Wednesday, October 15, 2014

S15E10: Search Orchestration - Page composition in rule major

Want the book? Go get it!

This is episode ten in the series “SharePoint Search Queries Explained - The Series”. See the intro post for links to all episodes.

This post covers two main objectives. Firstly how to configure search for any page to make it manageable in the long run, and secondly how to configure search for that same page to make the page show as fast as possible to the end-user.

The main tool used to accomplish this is Result Block Routing in a Query Rule. If you haven’t read about it before, now is certainly the time.

image
When designing intranet’s in SharePoint Online/2013 the front page is often driven by a lot of Content Search Web Parts, and you quickly end up with 4+ parts on your page.

A typical layout could look something like the image below with seven sections, all driven by search.

image
If you look at the layout I have highlighted in blue what is above the fold, meaning what is visible before a user have to start scrolling. In the design there are four web parts visible right away, and three which are not visible.

Every search query executed will consume server time, and will impact how quickly data is brought back to the browser. If you load up more data than needed, your end-user get’s penalized and have to wait longer until the page is displayed.

Ideally I would configure the page the following way:
  • Nine Result Sources
    • one for each section
    • one for triggering the visible content
    • one for triggering the hidden content
  • Seven Content Search Web Parts
    • the ones visible will have synchronous loading
    • the ones not visible will have asynchronous loading
  • Two Query Rules
    • one for the visible content
    • one for the hidden content
  • A Result Type with a matching Display Template for each rendering format
This set-up let’s you configure the page once. Meaning you have to edit each web part once to consume the content you want displayed, and you never have to edit that page again, unless you add more web parts or change a control display template.

Any change to what you want to show on the page is achieved by either editing the Result Sources or the Query Rules. See S15E04: Result Sources – Scope it out out! for more information and the importance of using Result Sources.

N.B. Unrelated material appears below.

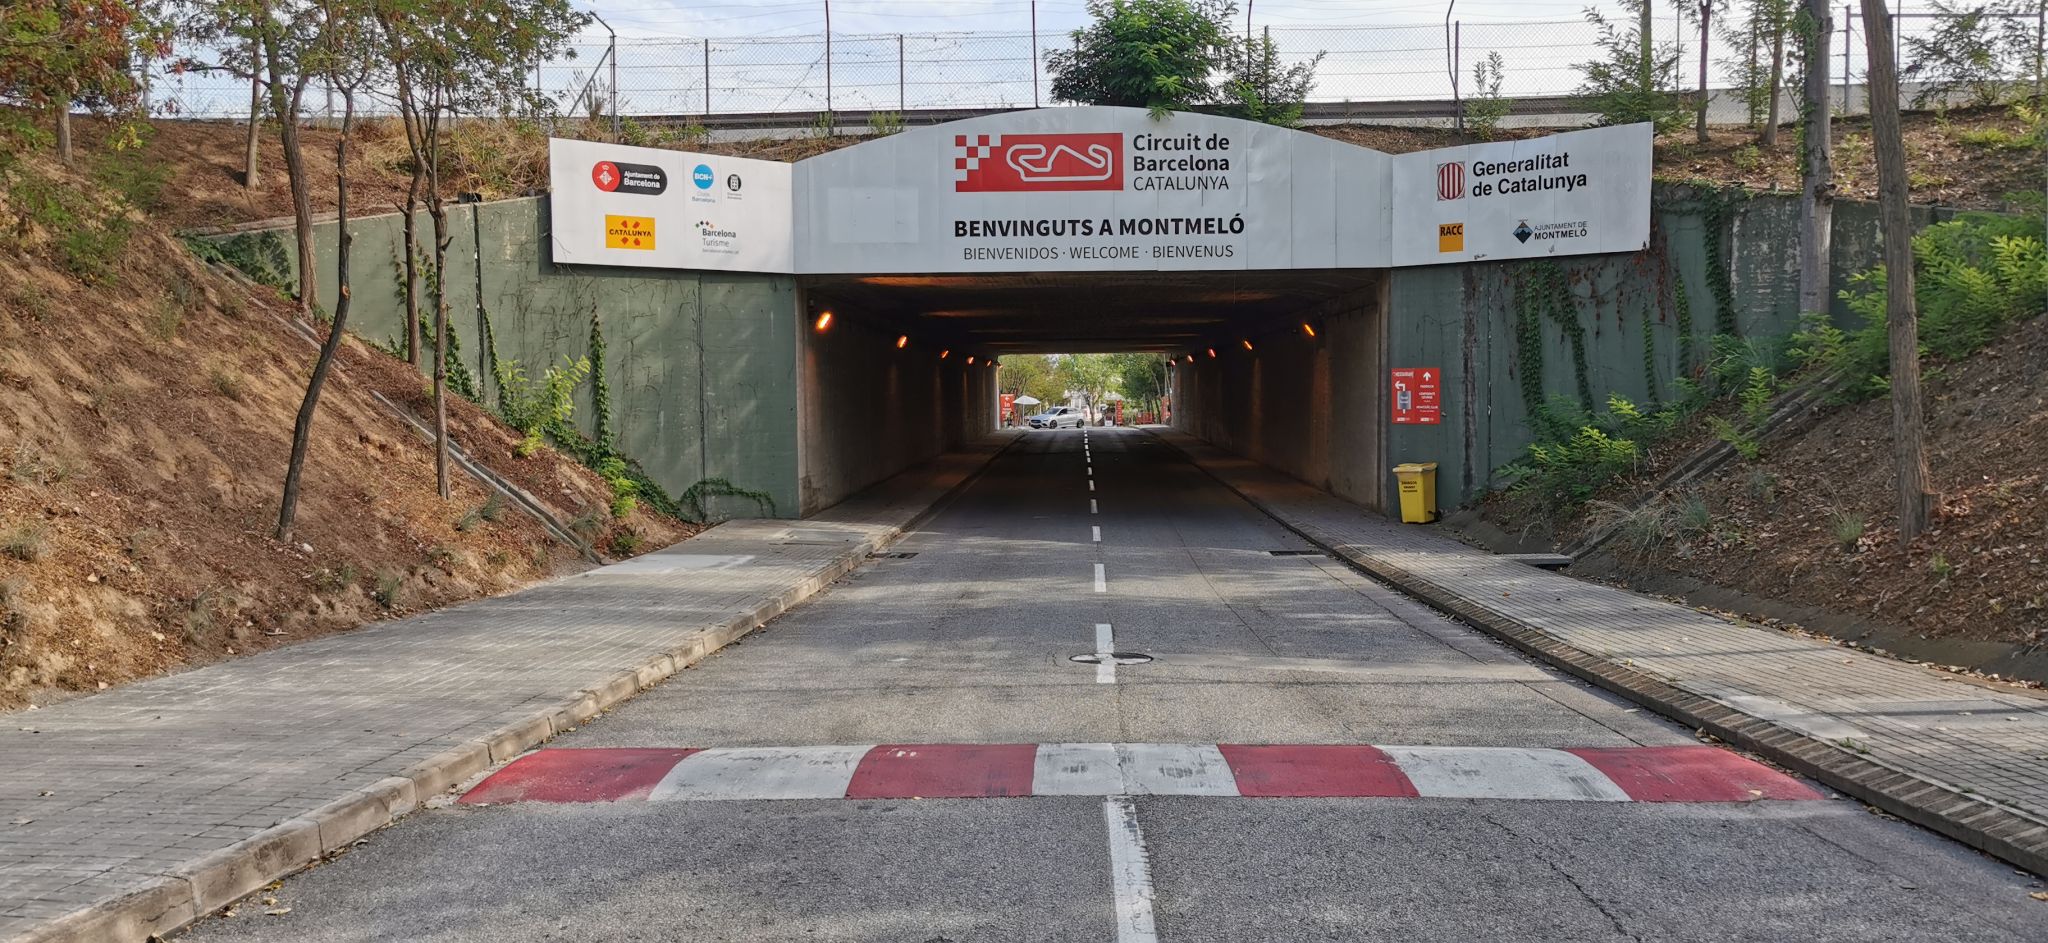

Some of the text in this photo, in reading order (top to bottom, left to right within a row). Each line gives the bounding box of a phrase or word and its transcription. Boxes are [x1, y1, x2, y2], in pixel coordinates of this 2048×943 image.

As a sample I will use the Contoso demo site which I set up using https://www.microsoftofficedemos.com. The red squares highlights the search web parts, and as you can see, there is only one search area which is visible upon first loading of the page. So I will leave this web part as is, and orchestrate the last four with a query rule.

image
The following steps are required for the optimization/orchestration:
  • Create an empty result source with no query in it, which will act as the trigger source for your orchestrating query rule
  • Create a query rule triggered by the above result source
    • I will hard code the queries in the rule and not create separate result sources for this demo
  • Add four result blocks to the rule, and give each one a routing name
  • Configure the four content search web parts at the bottom of the page to be asynchronous and consume the routed content
Any search web part configured to load data synchronously, will have the search results as part of the HTML upon page load (as JSON objects). This is the default behavior of the CSWP.

The Empty Result Source

Create a new Result Source named Lazy Loader, and remove the query transformation.

image

The Query Rule

I’ve created a rule named Below The Fold, with four result blocks. Each block has been configured with the amount of results I want back. 10 for video’s which is the max in a block, two for events, five for documents and one for BI.

image

Web Part Configuration

First, edit the video carousel web part, and click Change Query. When you pick Lazy Loader as the source, the preview to the right shows items grouped per the routing names.

image

Go over to the Settings tab, and make the web part load results asynchronously.

image

Save your query settings, expand the Settings section for the web part properties, and pick Video Carousel from the list in Result Tables. RelevantResults is the default table which usually carries your results, and RefinementResults has any refiners configured, in case you’ve skipped this configuration part when you have previously used the CSWP.

image

For the other search web parts set the asynchronous setting from the Query Builder, ignore the source location, expand the properties for the web part, select results to be provided by the Video Carousel web part, and choose the appropriate routing table for your web part. Now you’re seeing where we are going with the whole routing part. One web part retrieves all the result and passes them on to the other web parts.

image

In page edit mode you can see information stating the web part is consuming results from another web part.

image

Default vs. Optimized/Orchestrated

Now that you’ve been jumping through hoops and following my direction, it’s time to see the impact of the changes. I used the network monitor in Chrome for my measurements.
  • Page Size
    • Unoptimized: 186.262 bytes
    • Optimized: 135.218 + 41.515 = 176.733 bytes (saving roughly 10k)
  • Time to DOM Content Loaded event (10 samples – not scientific)
    • Unoptimized: 2 seconds
    • Optized: 1.5 seconds
So for my one-user test case, I saved 10kb of bandwidth and half a second before the page was shown. And I will save a whole lot of time when I want to change the filter or sort logic of one of the result blocks. I can simply change the query for the corresponding result block without checking out the page.

In my opinion the biggest benefit is for me as a search orchestrator, with a potential added benefit for the end-user regarding response time for the page.